Segment Open

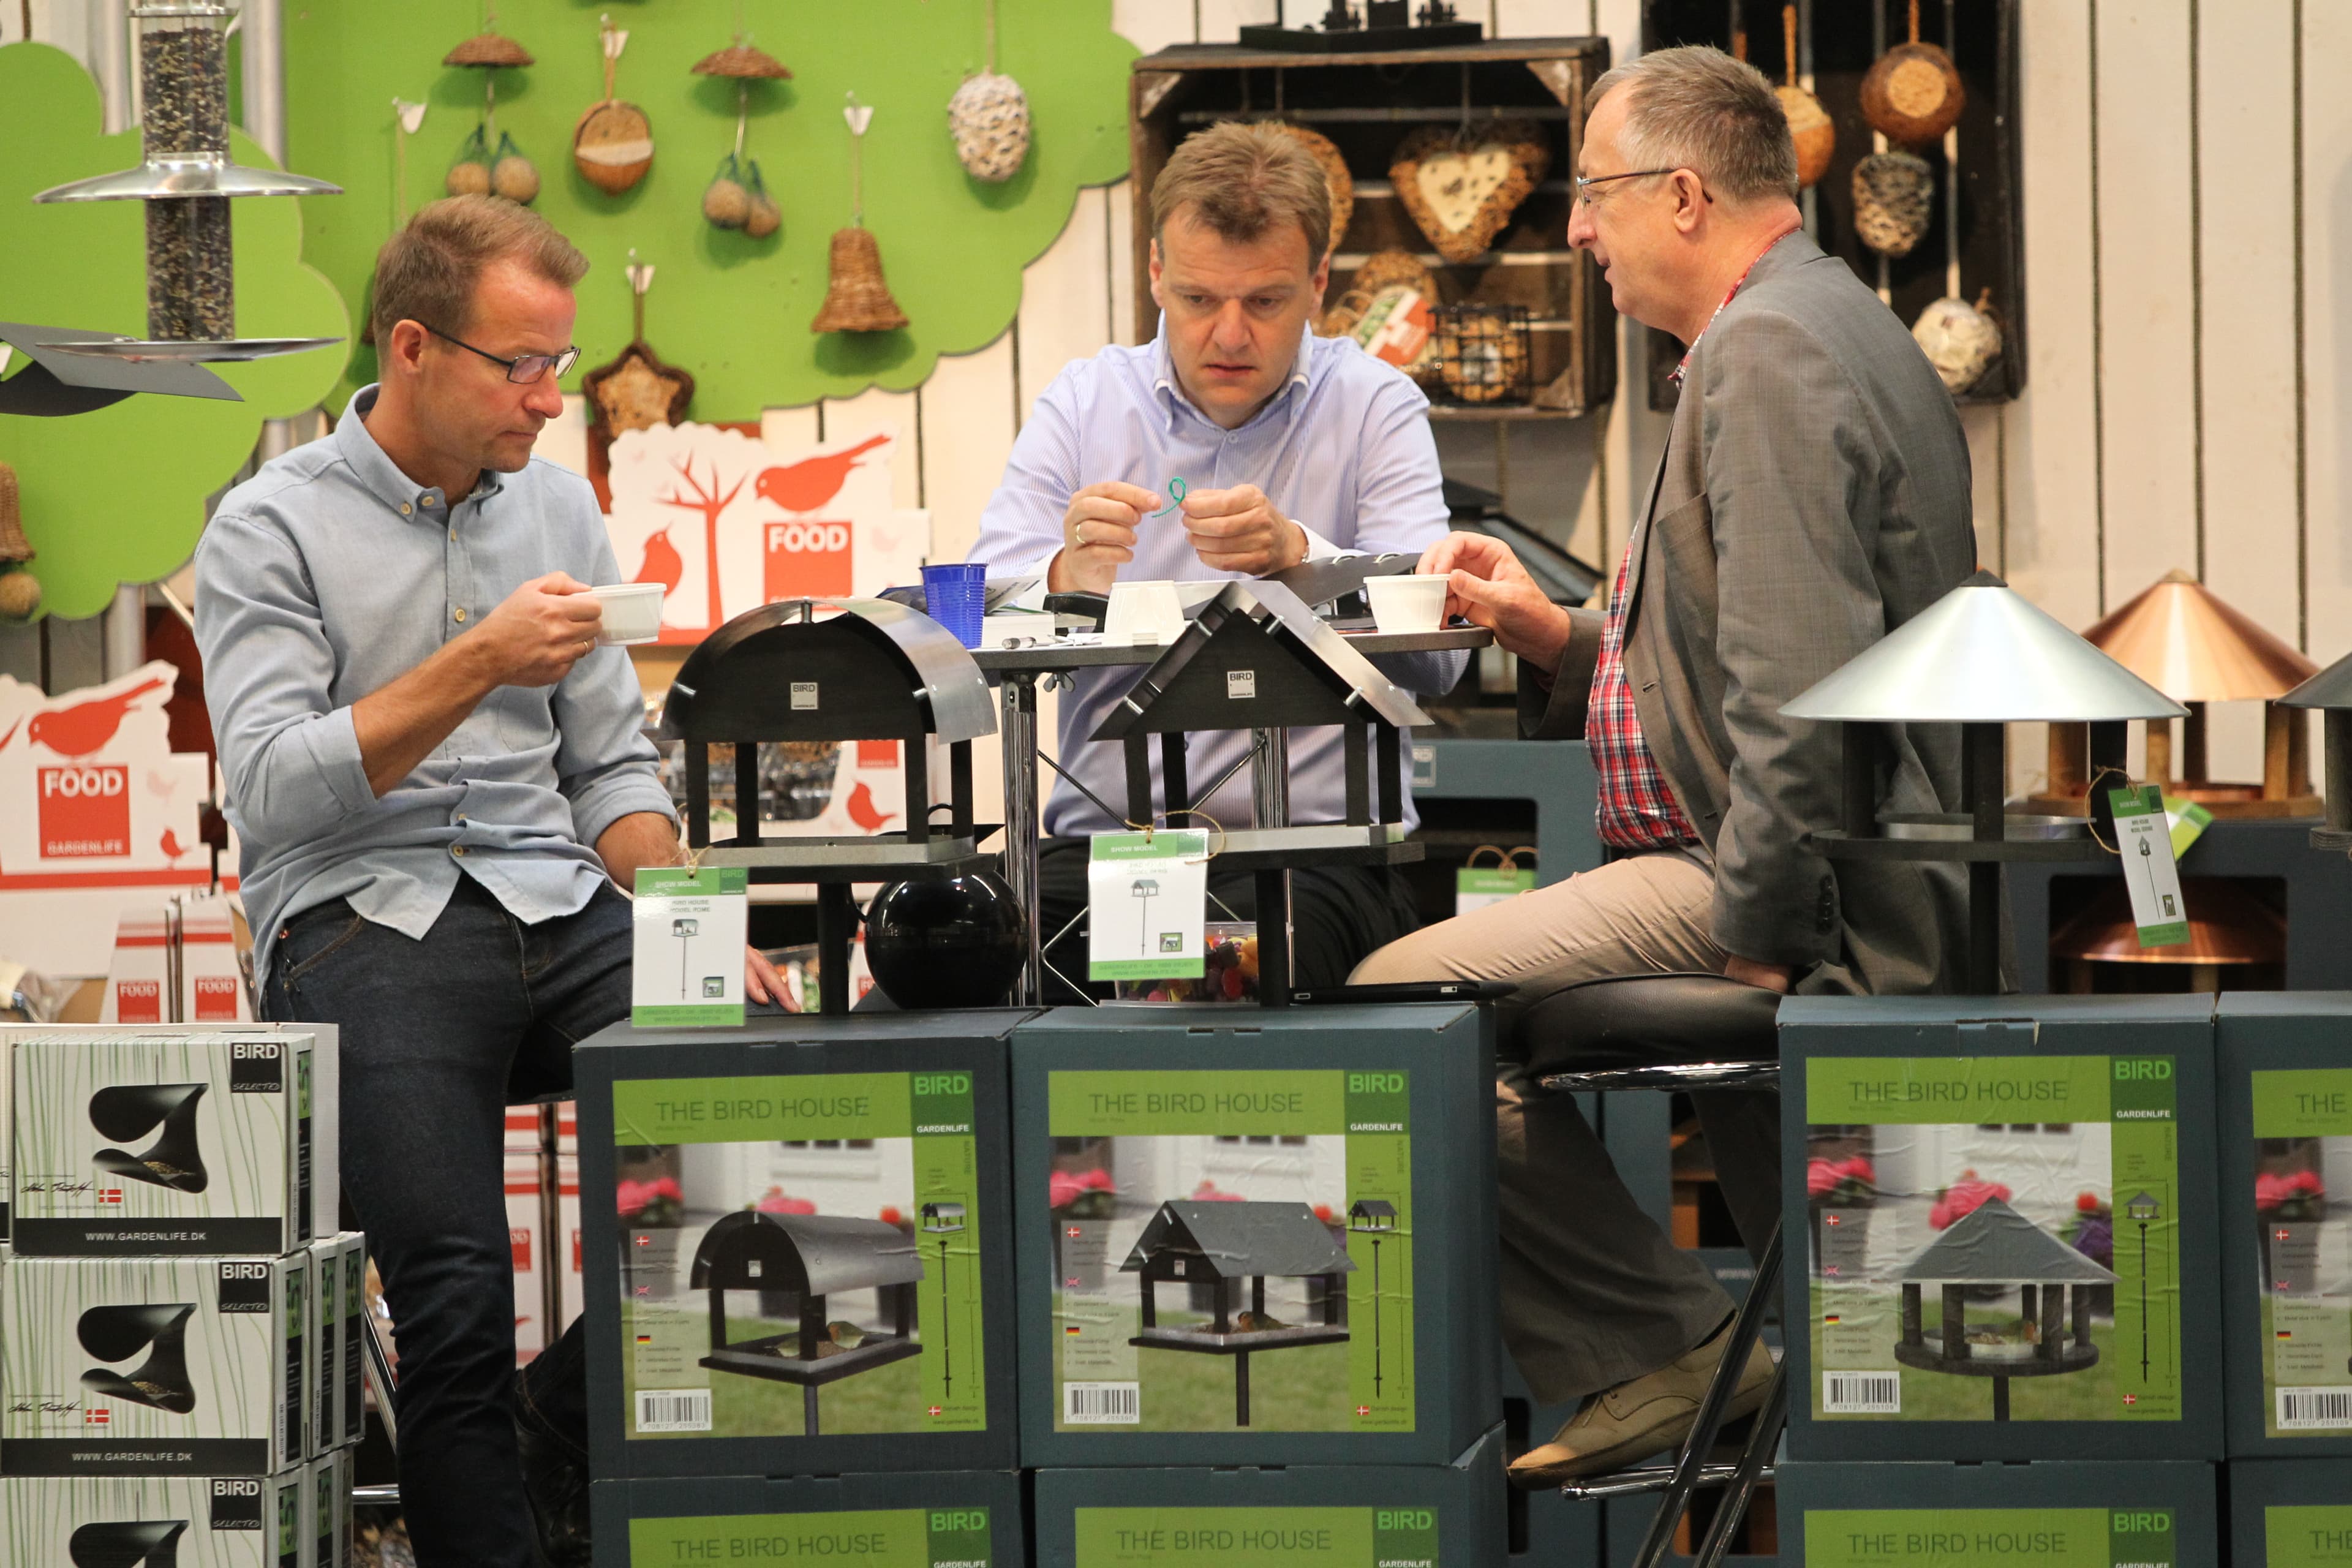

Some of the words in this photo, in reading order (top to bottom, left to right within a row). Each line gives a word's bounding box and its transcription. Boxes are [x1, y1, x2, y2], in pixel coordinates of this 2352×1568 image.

[769, 525, 848, 552] FOOD
[45, 769, 123, 797] FOOD
[47, 839, 123, 855] GARDENLIFE
[119, 984, 157, 997] FOOD
[198, 980, 234, 993] FOOD
[233, 1044, 278, 1058] BIRD
[2115, 1061, 2170, 1080] BIRD
[914, 1076, 969, 1095] BIRD
[1349, 1074, 1403, 1093] BIRD
[1848, 1082, 1899, 1101] THE
[1909, 1082, 1967, 1101] BIRD
[1977, 1080, 2068, 1101] HOUSE
[655, 1101, 705, 1121] THE
[714, 1100, 772, 1120] BIRD
[782, 1097, 869, 1118] HOUSE
[1088, 1093, 1138, 1113] THE
[1147, 1093, 1205, 1113] BIRD
[1215, 1093, 1303, 1113] HOUSE
[2294, 1093, 2347, 1113] THE
[2117, 1110, 2170, 1118] GARDENLIFE
[917, 1125, 970, 1134] GARDENLIFE
[1351, 1123, 1403, 1131] GARDENLIFE
[86, 1232, 206, 1241] WWW.GARDENLIFE.DK
[222, 1264, 268, 1279] BIRD
[222, 1303, 268, 1311] SELECTED
[72, 1453, 192, 1461] WWW.GARDENLIFE.DK
[214, 1480, 260, 1496] BIRD
[214, 1520, 261, 1528] SELECTED
[931, 1512, 986, 1531] BIRD
[1378, 1512, 1432, 1530] BIRD
[2114, 1513, 2169, 1532] BIRD
[673, 1539, 720, 1559] THE
[730, 1537, 789, 1558] BIRD
[798, 1534, 886, 1555] HOUSE
[1115, 1531, 1165, 1550] THE
[1175, 1531, 1232, 1550] BIRD
[1243, 1531, 1331, 1550] HOUSE
[1847, 1534, 1898, 1554] THE
[1907, 1534, 1966, 1554] BIRD
[1977, 1532, 2067, 1553] HOUSE

Segment Closed

Task statement: The answer must consist of the entries above, reproduced word for word, without any pictures.

Result:
Some of the words in this photo, in reading order (top to bottom, left to right within a row). Each line gives a word's bounding box and its transcription. Boxes are [x1, y1, x2, y2], in pixel coordinates of this 2352×1568 image.

[769, 525, 848, 552] FOOD
[45, 769, 123, 797] FOOD
[47, 839, 123, 855] GARDENLIFE
[119, 984, 157, 997] FOOD
[198, 980, 234, 993] FOOD
[233, 1044, 278, 1058] BIRD
[2115, 1061, 2170, 1080] BIRD
[914, 1076, 969, 1095] BIRD
[1349, 1074, 1403, 1093] BIRD
[1848, 1082, 1899, 1101] THE
[1909, 1082, 1967, 1101] BIRD
[1977, 1080, 2068, 1101] HOUSE
[655, 1101, 705, 1121] THE
[714, 1100, 772, 1120] BIRD
[782, 1097, 869, 1118] HOUSE
[1088, 1093, 1138, 1113] THE
[1147, 1093, 1205, 1113] BIRD
[1215, 1093, 1303, 1113] HOUSE
[2294, 1093, 2347, 1113] THE
[2117, 1110, 2170, 1118] GARDENLIFE
[917, 1125, 970, 1134] GARDENLIFE
[1351, 1123, 1403, 1131] GARDENLIFE
[86, 1232, 206, 1241] WWW.GARDENLIFE.DK
[222, 1264, 268, 1279] BIRD
[222, 1303, 268, 1311] SELECTED
[72, 1453, 192, 1461] WWW.GARDENLIFE.DK
[214, 1480, 260, 1496] BIRD
[214, 1520, 261, 1528] SELECTED
[931, 1512, 986, 1531] BIRD
[1378, 1512, 1432, 1530] BIRD
[2114, 1513, 2169, 1532] BIRD
[673, 1539, 720, 1559] THE
[730, 1537, 789, 1558] BIRD
[798, 1534, 886, 1555] HOUSE
[1115, 1531, 1165, 1550] THE
[1175, 1531, 1232, 1550] BIRD
[1243, 1531, 1331, 1550] HOUSE
[1847, 1534, 1898, 1554] THE
[1907, 1534, 1966, 1554] BIRD
[1977, 1532, 2067, 1553] HOUSE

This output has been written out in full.